According to the Times, three more accusers have been identified since the publication reported on the accusations of two other women in January. Of these women, two of these cases involve claims of sexual harassment on O’Reilly’s part. The third is an accusation of verbal abuse during an outburst in which O’Reilly “berated a young producer in front of newsroom colleagues.”
From the Times:
The women who made allegations against Mr. O’Reilly either worked for him or appeared on his show. They have complained about a wide range of behavior, including verbal abuse, lewd comments, unwanted advances and phone calls in which it sounded like Mr. O’Reilly was masturbating, according to documents and interviews.
The reporting suggests a pattern: As an influential figure in the newsroom, Mr. O’Reilly would create a bond with some women by offering advice and promising to help them professionally. He then would pursue sexual relationships with them, causing some to fear that if they rebuffed him, their careers would stall.
21st Century Fox, Fox News’ parent company, released a statement defending the payouts and noting that none of these women had used the company hotline to accuse a senior employee of the company. The statement confirms that the company has spoken with O’Reilly about the cases.
“21st Century Fox takes matters of workplace behavior very seriously,” the statement said. “Notwithstanding the fact that no current or former Fox News employee ever took advantage of the 21st Century Fox hotline to raise a concern about Bill O’Reilly, even anonymously, we have looked into these matters over the last few months and discussed them with Mr. O’Reilly. While he denies the merits of these claims, Mr. O’Reilly has resolved those he regarded as his personal responsibility. Mr. O’Reilly is fully committed to supporting our efforts to improve the environment for all our employees at Fox News.”
With the departure of Megyn Kelly, who decamped to NBC after joining the chorus of Ailes accusers, O’Reilly is Fox News’s biggest star. The Times cited an advertising research firm’s estimated earnings for The O’Reilly Factor: $446 million between 2014 and 2016. He is paid, according to the Times, approximately $18 million a year.
In a statement, O’Reilly suggested accusations of this nature are the price he pays for being a high-profile firebrand.

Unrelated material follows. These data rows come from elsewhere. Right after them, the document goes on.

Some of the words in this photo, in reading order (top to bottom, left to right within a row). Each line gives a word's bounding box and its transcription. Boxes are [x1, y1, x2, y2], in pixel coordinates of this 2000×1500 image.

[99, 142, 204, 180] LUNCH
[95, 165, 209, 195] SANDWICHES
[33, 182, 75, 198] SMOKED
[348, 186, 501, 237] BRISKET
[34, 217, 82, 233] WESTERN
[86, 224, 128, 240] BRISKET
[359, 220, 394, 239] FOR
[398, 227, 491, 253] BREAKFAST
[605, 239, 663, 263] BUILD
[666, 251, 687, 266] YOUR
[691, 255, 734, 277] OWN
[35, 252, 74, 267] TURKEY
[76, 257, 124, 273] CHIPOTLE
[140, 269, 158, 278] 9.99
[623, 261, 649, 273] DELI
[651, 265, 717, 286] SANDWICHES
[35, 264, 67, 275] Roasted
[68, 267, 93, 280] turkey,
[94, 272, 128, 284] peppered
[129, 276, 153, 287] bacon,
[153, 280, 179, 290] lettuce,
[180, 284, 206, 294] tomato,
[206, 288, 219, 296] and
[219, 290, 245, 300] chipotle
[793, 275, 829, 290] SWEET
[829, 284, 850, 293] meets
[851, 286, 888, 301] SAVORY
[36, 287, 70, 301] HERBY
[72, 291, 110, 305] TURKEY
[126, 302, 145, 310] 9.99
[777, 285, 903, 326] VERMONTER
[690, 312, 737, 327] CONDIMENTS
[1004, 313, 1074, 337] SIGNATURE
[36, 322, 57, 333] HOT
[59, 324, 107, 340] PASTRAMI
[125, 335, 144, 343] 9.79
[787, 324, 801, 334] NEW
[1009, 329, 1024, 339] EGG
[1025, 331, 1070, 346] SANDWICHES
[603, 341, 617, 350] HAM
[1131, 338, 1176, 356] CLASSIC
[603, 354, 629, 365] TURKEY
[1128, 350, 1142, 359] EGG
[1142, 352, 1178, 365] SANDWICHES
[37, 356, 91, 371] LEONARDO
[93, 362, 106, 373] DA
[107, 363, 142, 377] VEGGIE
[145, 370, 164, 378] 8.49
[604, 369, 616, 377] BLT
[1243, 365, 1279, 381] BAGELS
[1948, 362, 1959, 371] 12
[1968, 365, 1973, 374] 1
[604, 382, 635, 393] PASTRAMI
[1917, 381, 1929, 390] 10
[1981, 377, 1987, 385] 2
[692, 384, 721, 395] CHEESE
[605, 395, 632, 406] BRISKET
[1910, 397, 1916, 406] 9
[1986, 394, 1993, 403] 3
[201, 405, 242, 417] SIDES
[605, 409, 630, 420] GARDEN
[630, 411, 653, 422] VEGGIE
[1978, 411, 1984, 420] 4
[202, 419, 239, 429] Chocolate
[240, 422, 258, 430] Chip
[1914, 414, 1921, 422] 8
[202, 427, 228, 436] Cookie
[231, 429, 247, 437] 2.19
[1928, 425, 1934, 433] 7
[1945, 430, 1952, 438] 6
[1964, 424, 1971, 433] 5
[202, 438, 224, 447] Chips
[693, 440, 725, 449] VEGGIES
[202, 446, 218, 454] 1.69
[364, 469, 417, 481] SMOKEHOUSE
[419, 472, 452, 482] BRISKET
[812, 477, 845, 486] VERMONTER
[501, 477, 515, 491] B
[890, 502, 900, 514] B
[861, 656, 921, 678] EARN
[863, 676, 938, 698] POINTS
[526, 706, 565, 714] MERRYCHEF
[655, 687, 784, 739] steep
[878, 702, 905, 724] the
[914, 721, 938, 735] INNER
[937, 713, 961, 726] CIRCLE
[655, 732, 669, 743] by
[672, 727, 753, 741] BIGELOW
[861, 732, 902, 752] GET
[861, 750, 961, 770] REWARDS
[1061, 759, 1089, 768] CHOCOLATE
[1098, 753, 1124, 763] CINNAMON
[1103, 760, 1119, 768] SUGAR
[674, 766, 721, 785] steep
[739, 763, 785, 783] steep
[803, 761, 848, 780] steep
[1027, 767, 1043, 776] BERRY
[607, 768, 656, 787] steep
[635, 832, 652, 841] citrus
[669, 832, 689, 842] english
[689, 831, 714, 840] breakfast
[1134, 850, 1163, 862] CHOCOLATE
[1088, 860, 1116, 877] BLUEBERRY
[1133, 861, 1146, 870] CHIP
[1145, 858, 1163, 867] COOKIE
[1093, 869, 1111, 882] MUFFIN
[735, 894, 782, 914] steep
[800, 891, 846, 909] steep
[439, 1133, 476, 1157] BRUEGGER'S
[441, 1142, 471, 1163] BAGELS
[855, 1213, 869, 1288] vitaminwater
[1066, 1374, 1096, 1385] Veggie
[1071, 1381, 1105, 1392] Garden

“Just like other prominent and controversial people, I’m vulnerable to lawsuits from individuals who want me to pay them to avoid negative publicity,” O’Reilly said. “In my more than 20 years at Fox News Channel, no one has ever filed a complaint about me with the Human Resources Department, even on the anonymous hotline. But most importantly, I’m a father who cares deeply for my children and who would do anything to avoid hurting them in any way. And so I have put to rest any controversies to spare my children.”
This is an especially sensitive time for the network, as Fox News is still dealing with the fallout coming after Ailes’ departure. The company is currently under investigation by the office of the United States attorney in the Southern District of New York. (The investigation is heading toward a grand jury without Preet Bharara, who led the office until a dramatic firing in early March.)
Greta Van Susteren, who was a longtime Fox News colleague of O’Reilly before joining MSNBC, tweeted Saturday morning that a situation like this arises from a company wanting to hide that they’d “looked the other way.”
Wendy Walsh, one of the accusers and a frequent guest of O’Reilly’s show, said that the acerbic host withdrew a verbal offer to get her a high position at the network in 2013 after she turned down an invitation to his hotel suite. She told the Times she did not lodge a complaint with Fox News because she wanted to avoid damaging her future career prospects. According to Walsh, he’d invited her to dinner, promised her a contributor position, and then invited her up to his hotel room. When she declined and suggested they go to the hotel bar instead, he became hostile, told her to forget about his offer, and also called her purse ugly.
“I feel bad that some of these old guys are using mating strategies that were acceptable in the 1950s and are not acceptable now,” Walsh said. “I hope young men can learn from this.”
Fox News declined further comment when reached by the Hive, instead pointing to existing statements by O’Reilly and 21st Century Fox.